## Work required
Write the data out again exactly, dropping any images it holds.

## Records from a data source
-----

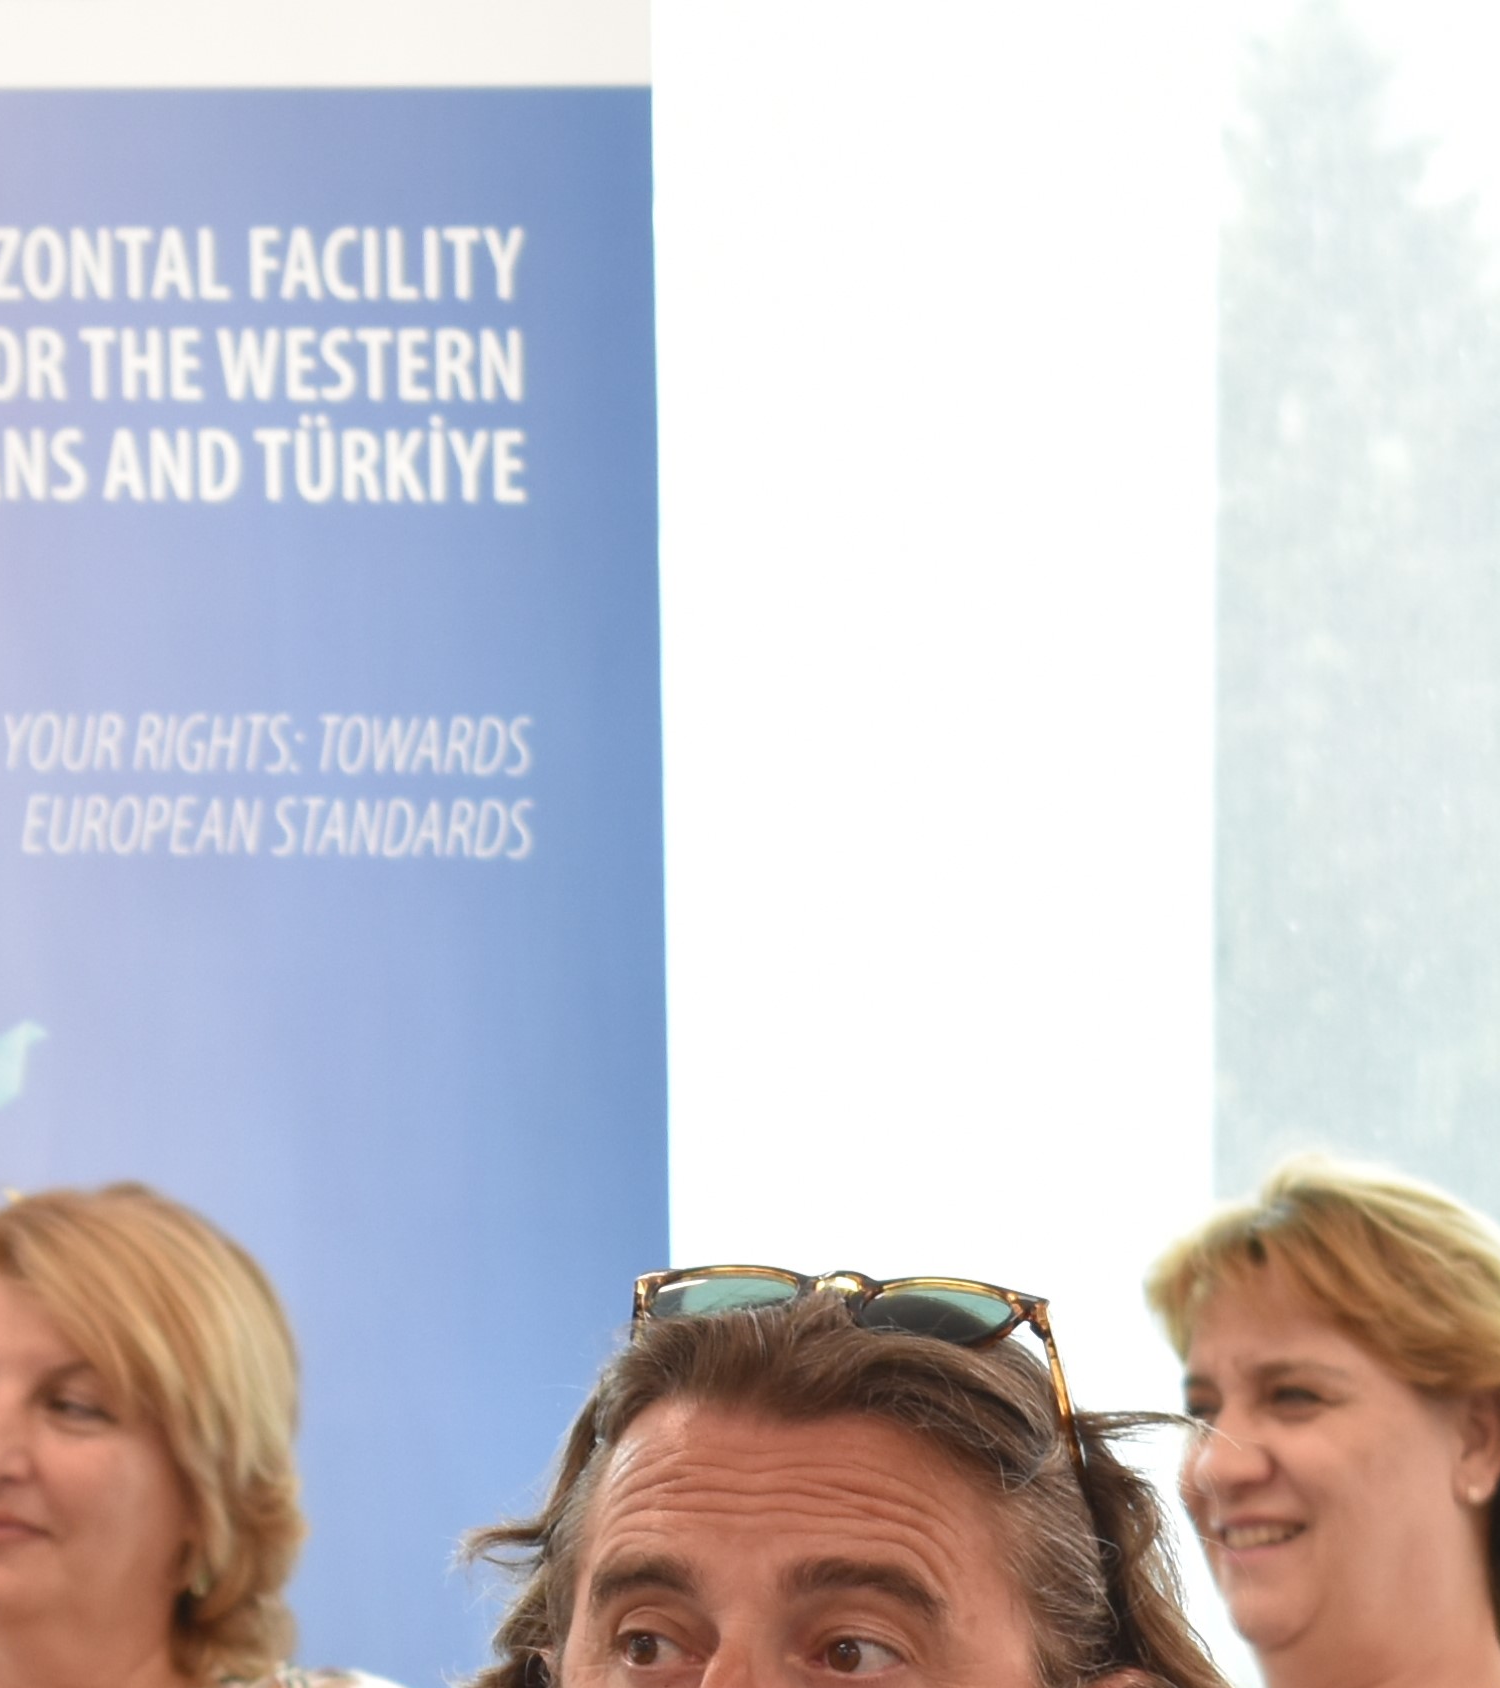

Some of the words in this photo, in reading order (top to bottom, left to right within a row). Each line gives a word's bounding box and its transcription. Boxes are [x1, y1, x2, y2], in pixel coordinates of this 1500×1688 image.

[248, 226, 525, 301] FACILITY
[79, 327, 203, 402] THE
[217, 327, 525, 402] WESTERN
[102, 427, 241, 502] AND
[253, 414, 527, 503] TÜRKİYE
[3, 711, 124, 772] YOUR
[133, 713, 304, 774] RIGHTS:
[318, 714, 533, 777] TOWARDS
[21, 794, 262, 855] EUROPEAN
[272, 796, 533, 859] STANDARDS
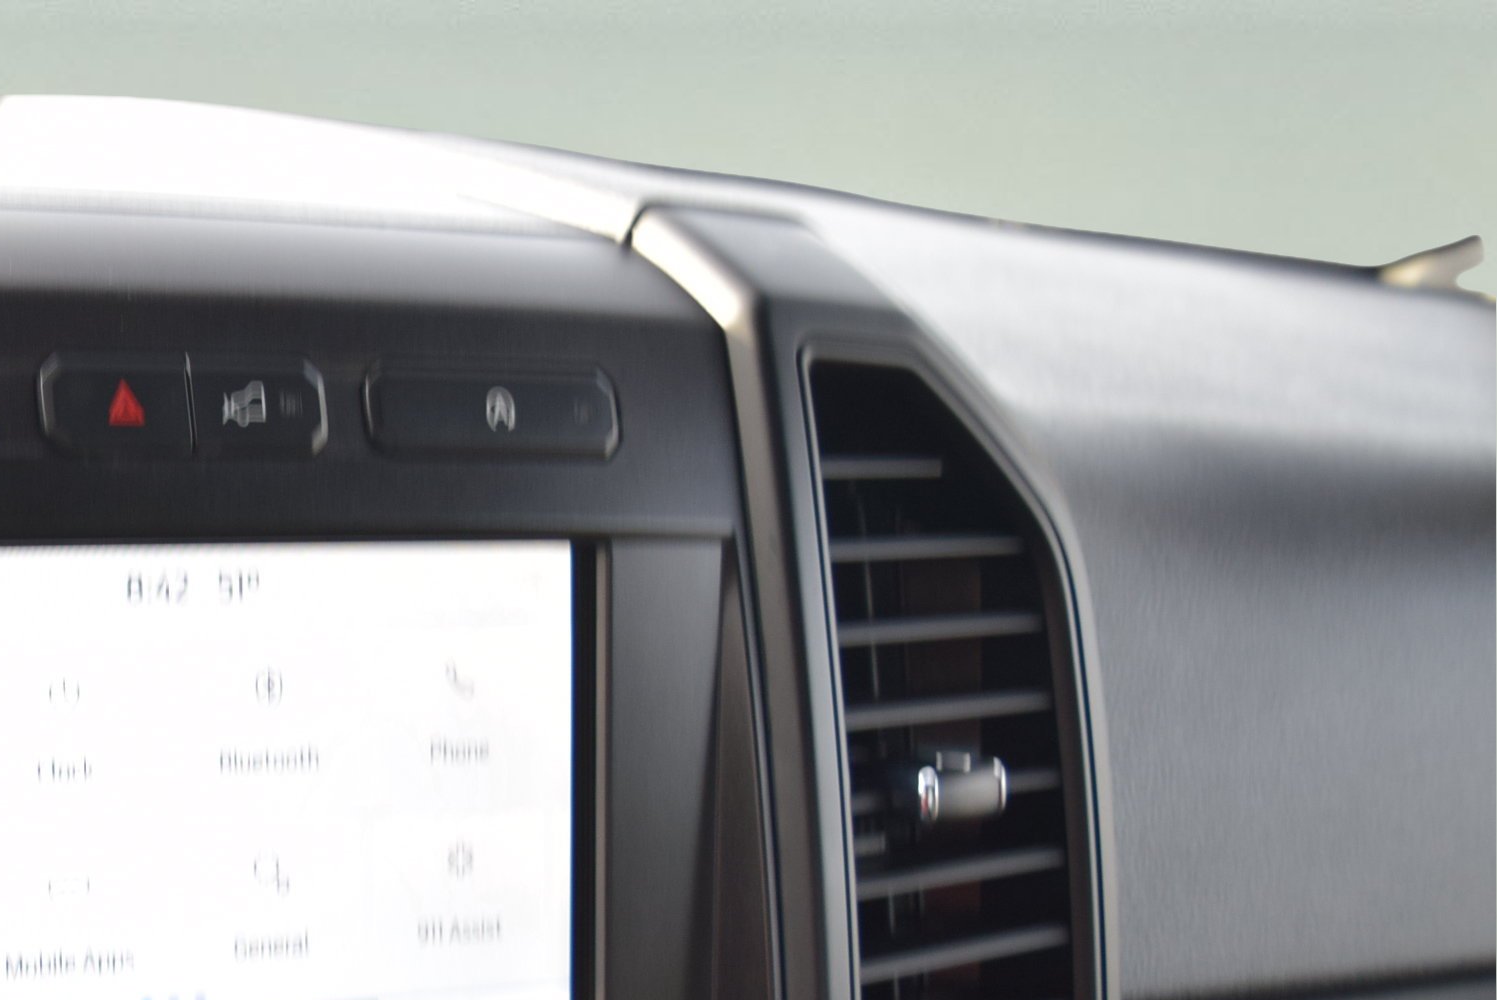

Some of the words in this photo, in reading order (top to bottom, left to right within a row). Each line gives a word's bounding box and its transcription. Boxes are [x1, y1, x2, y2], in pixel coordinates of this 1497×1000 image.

-----

## Written reply
Some of the words in this photo, in reading order (top to bottom, left to right within a row). Each line gives a word's bounding box and its transcription. Boxes are [x1, y1, x2, y2], in pixel coordinates of this 1500×1688 image.

[248, 226, 525, 301] FACILITY
[79, 327, 203, 402] THE
[217, 327, 525, 402] WESTERN
[102, 427, 241, 502] AND
[253, 414, 527, 503] TÜRKİYE
[3, 711, 124, 772] YOUR
[133, 713, 304, 774] RIGHTS:
[318, 714, 533, 777] TOWARDS
[21, 794, 262, 855] EUROPEAN
[272, 796, 533, 859] STANDARDS

Some of the words in this photo, in reading order (top to bottom, left to right within a row). Each line gives a word's bounding box and its transcription. Boxes are [x1, y1, x2, y2], in pixel coordinates of this 1497×1000 image.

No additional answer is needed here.